The substance of the minister’s preaching was God’s Word and not the dictates of human reason. As Edwards put it in 1750, ministers “are to make the word of God their only rule: their business as ministers of Christ is to preach the word of God, and to that end to give themselves to reading and studying the scriptures.” Ministers have been sent on a divine errand; “God has not left it to their discretion what their errand shall be. They are to preach the preaching that he bids them. He has put into their hands a Book containing a summary of doctrine and bids them go and preach that Word.” God’s Word was to be interpreted not through the grid of natural reason, but “the revelation is to be the rule of its own interpretation.”
In fact, the Bible contained “a summary of doctrines already discovered and dictated” to ministers; they were bound “to preach the dictates of God’s infinitely superior understanding, humbly submitting your reason as a learner and disciple to that” Word. And yet, the minister must give to each listener the portion or application of God’s Word that met his or her need. Like a conscientious husbandman, “a faithful minister is careful to give every one his portion of meat and to accommodate his instructions and exhortations to all sorts of persons in all circumstances.”
The minister’s manner of preaching was to be fervent.
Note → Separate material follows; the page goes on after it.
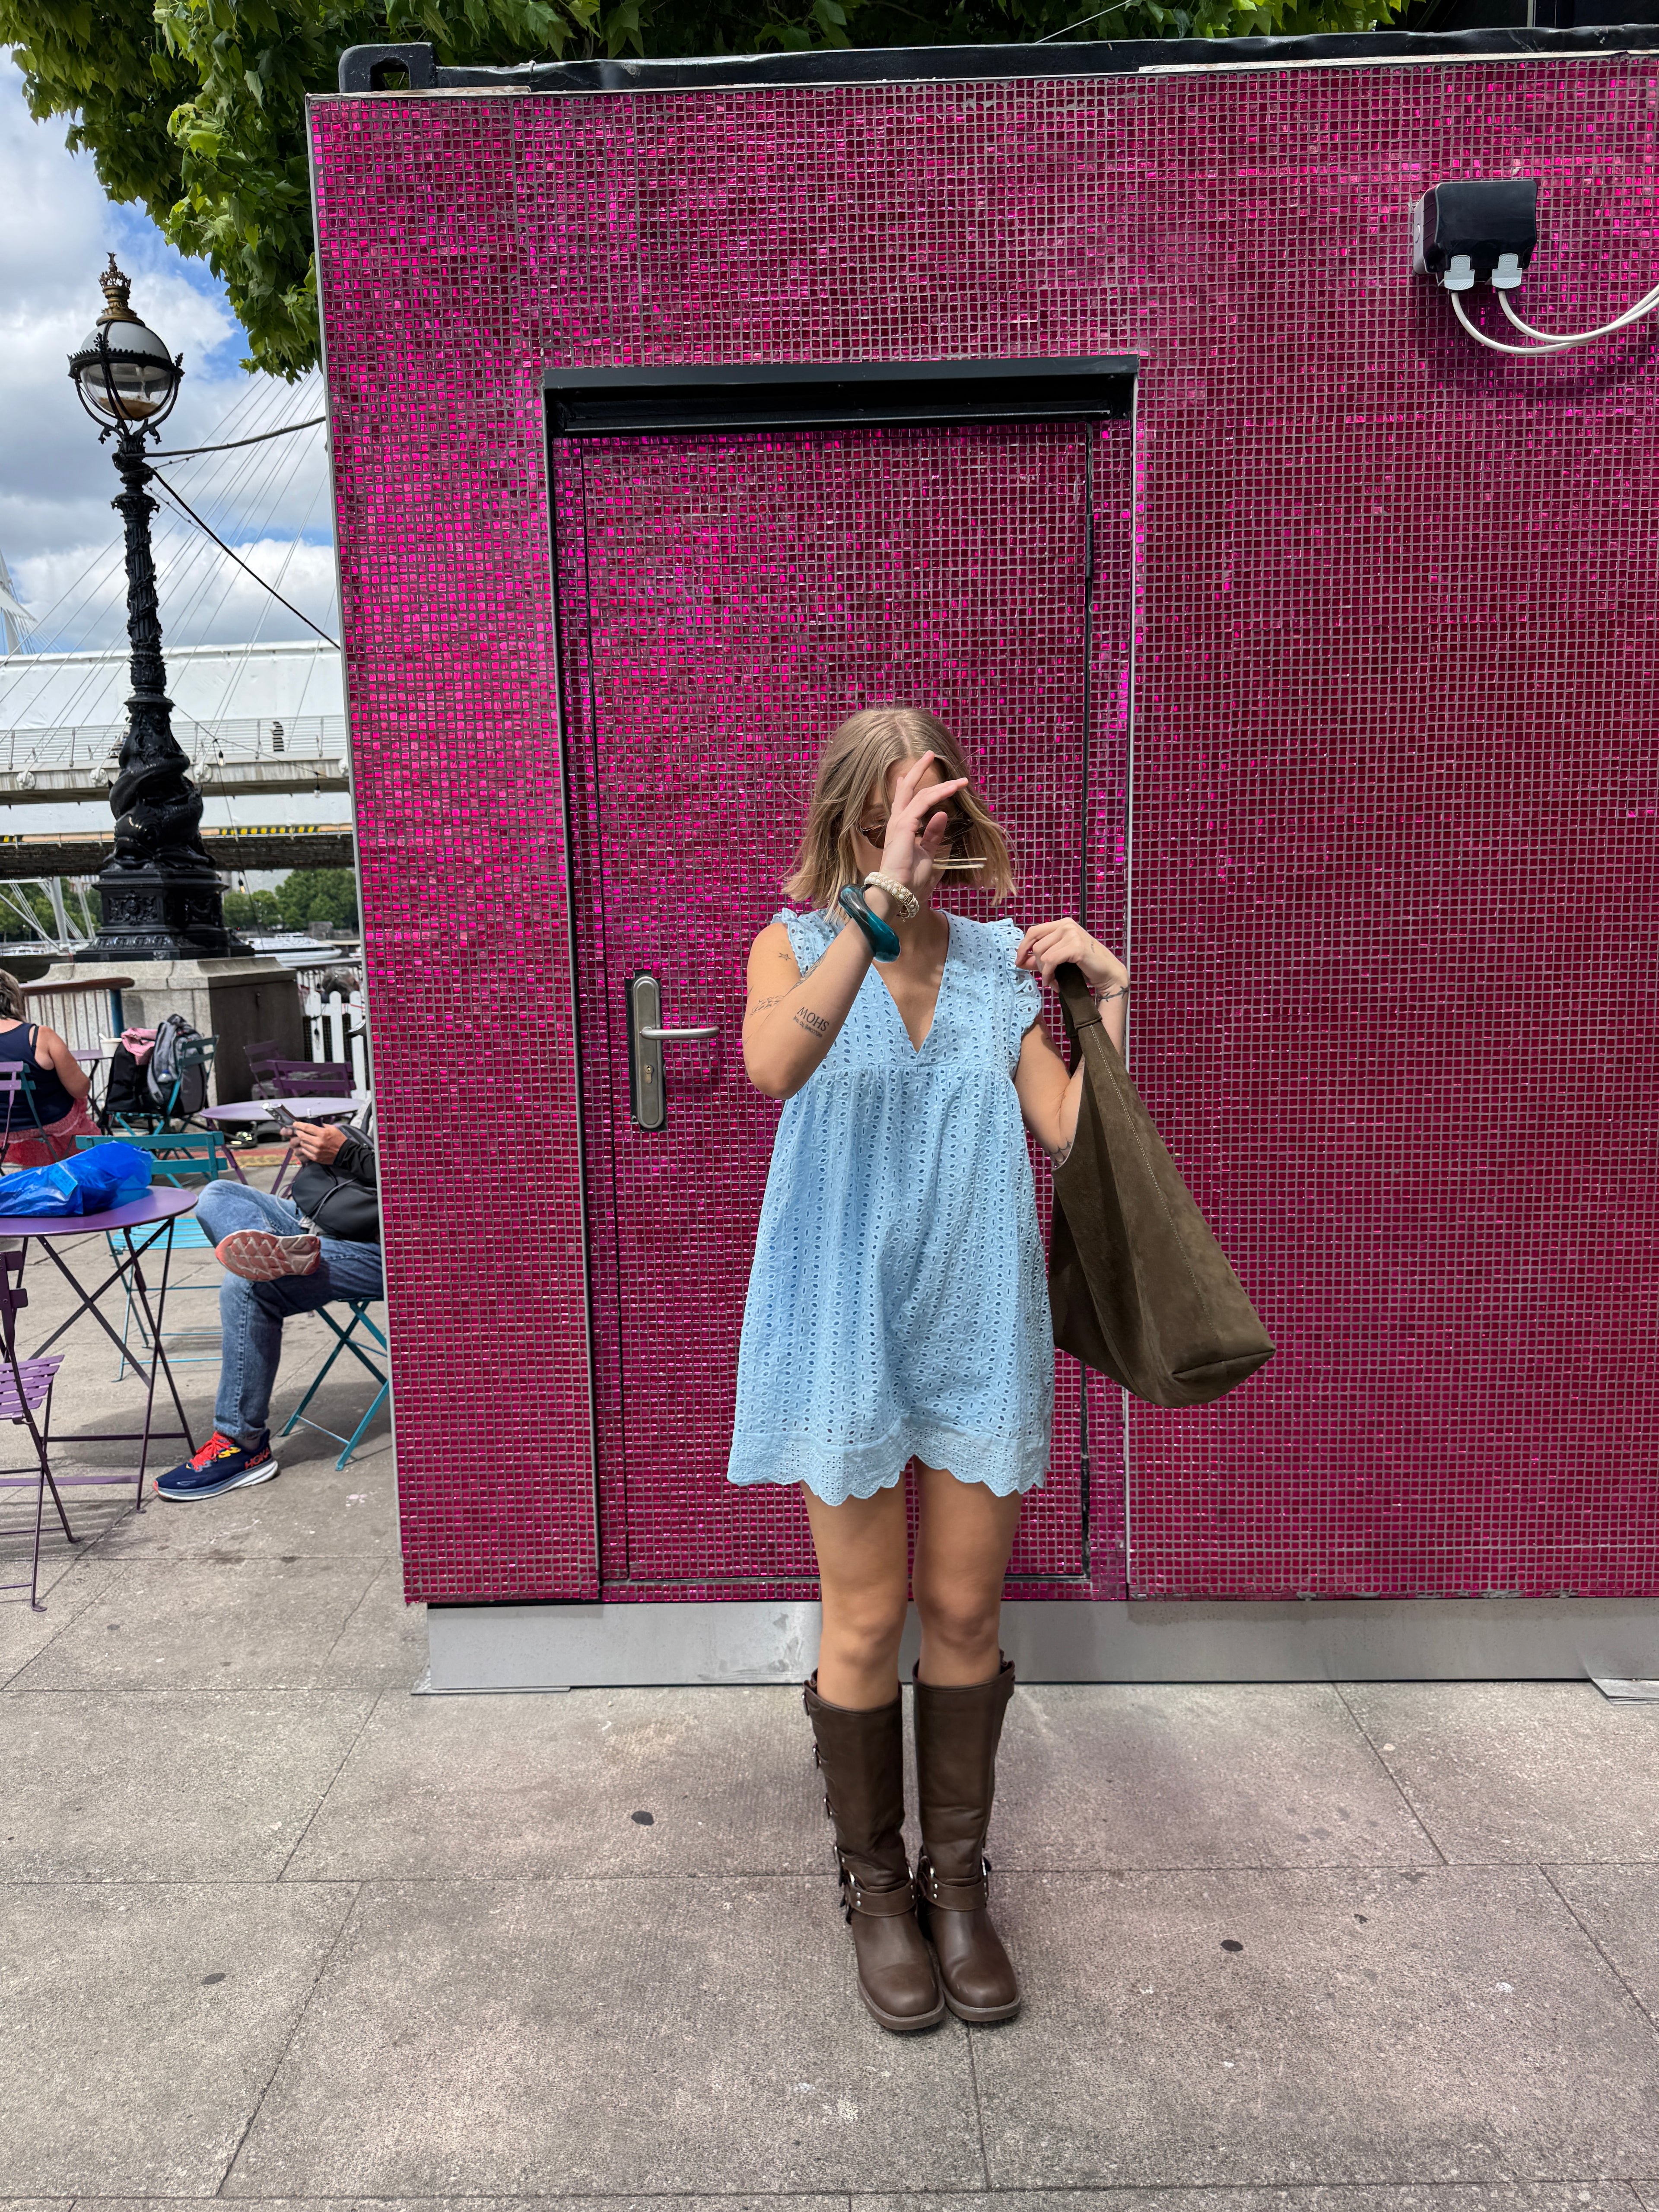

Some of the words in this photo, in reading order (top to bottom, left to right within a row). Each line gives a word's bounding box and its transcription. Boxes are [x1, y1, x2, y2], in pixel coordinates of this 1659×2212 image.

[797, 1006, 829, 1031] SHOW
[805, 1024, 822, 1037] WELCOME
[245, 1447, 270, 1470] HOKA
Edwards believed that ministers “should imitate [Christ] in the manner of his preaching; who taught not as the scribes, but with authority, boldly, zealously, fervently; insisting chiefly on the most important things in religion, being much in warning men of the danger of damnation, setting forth the greatness of the future misery of the ungodly; insisting not only on the outward, but also the inward and spiritual duties of religion.”
This fervent approach to preaching was calculated to stir the affections: “I think an exceeding affectionate way of preaching about the great things of religion,” Edwards noted, “has in itself no tendency to beget false apprehensions of them; but on the contrary a much great tendency to beget true apprehensions of them than a moderate, dull, indifferent way of speaking of ’em.” Such a manner of delivery “has so much the greater tendency to beget true ideas or apprehensions in the minds of the hearers, of the subject spoken of, and so to enlighten the understanding: and that for this reason, that such a way or manner of speaking of these things does in fact more truly represent them, than a more cold and indifferent way of speaking of them.” Divine and glorious truths that should move the soul should move the preacher’s manner of presentation.